• _STORED DATA_:
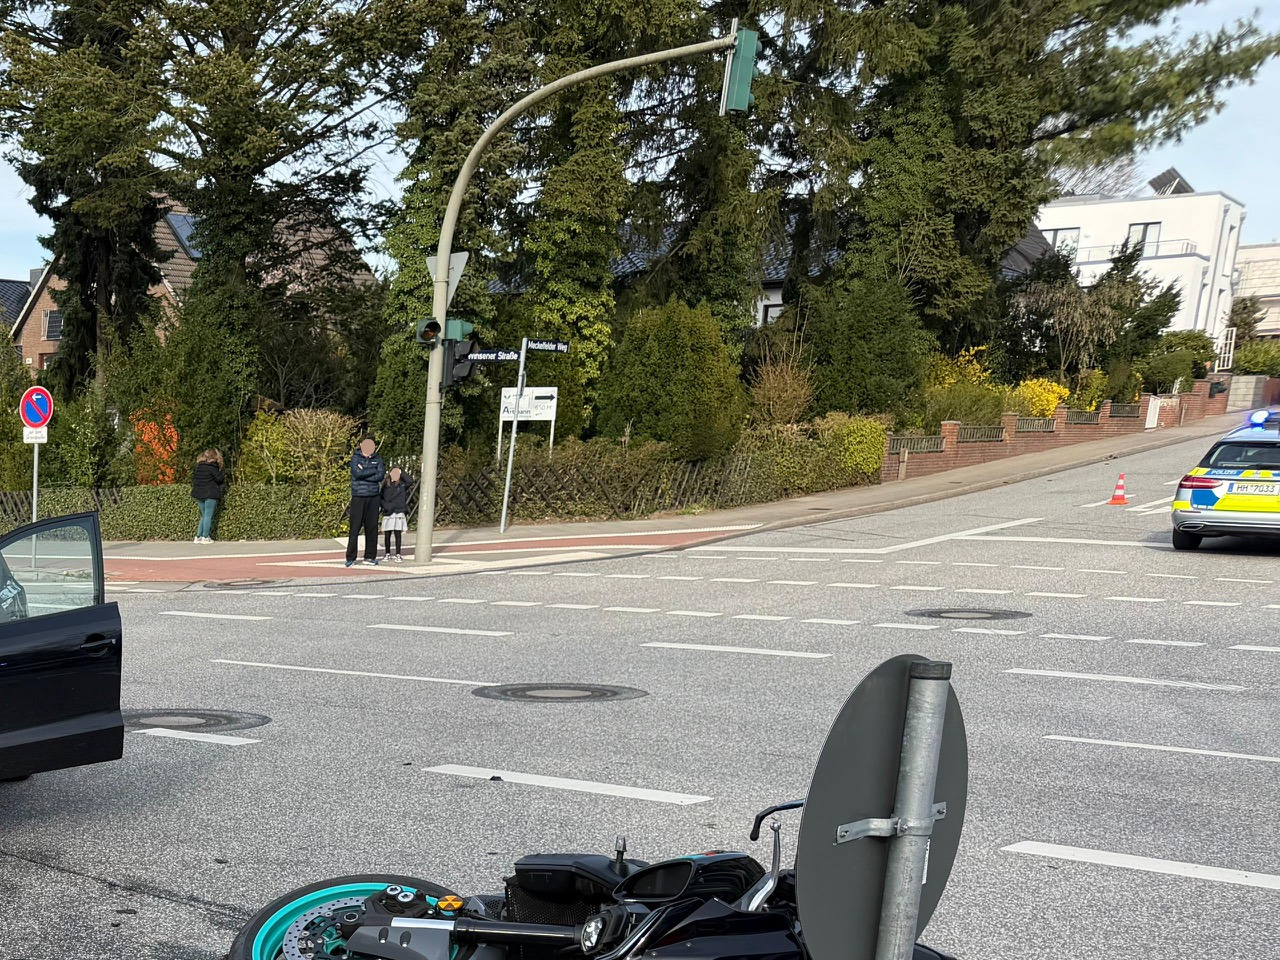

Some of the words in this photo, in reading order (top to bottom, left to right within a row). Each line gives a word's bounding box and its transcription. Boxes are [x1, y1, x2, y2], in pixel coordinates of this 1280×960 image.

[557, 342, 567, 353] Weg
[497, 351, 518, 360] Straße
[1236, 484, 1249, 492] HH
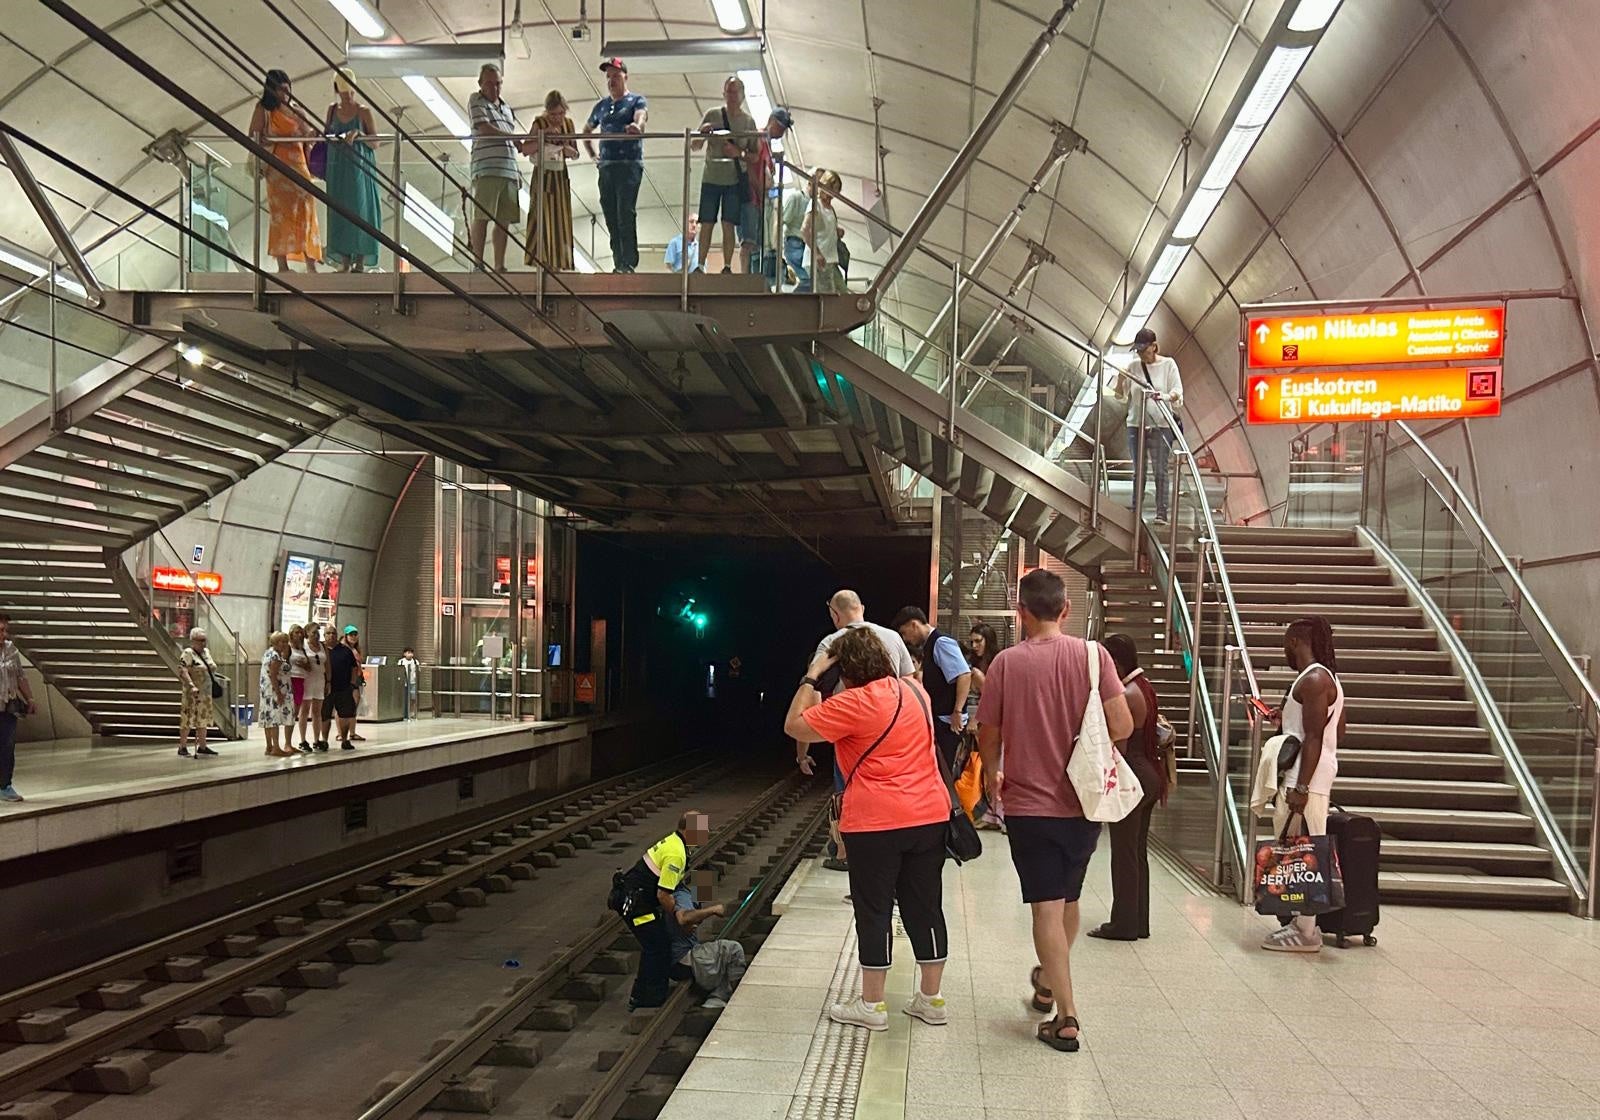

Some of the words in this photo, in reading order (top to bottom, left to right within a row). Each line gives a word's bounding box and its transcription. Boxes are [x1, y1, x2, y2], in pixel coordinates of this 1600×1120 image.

• _ACTIVITY_: Copy out all the data above exactly, minus the images.

• _OUTPUT FOR THIS TASK_:
Some of the words in this photo, in reading order (top to bottom, left to right within a row). Each line gives a word's bounding box and its transcription. Boxes are [x1, y1, x2, y2], in pixel coordinates of this 1280×960 image.

[557, 342, 567, 353] Weg
[497, 351, 518, 360] Straße
[1236, 484, 1249, 492] HH

Some of the words in this photo, in reading order (top to bottom, left to right within a row). Each line gives a word's bounding box and its transcription. Boxes are [x1, y1, x2, y2], in pixel coordinates of this 1600×1120 image.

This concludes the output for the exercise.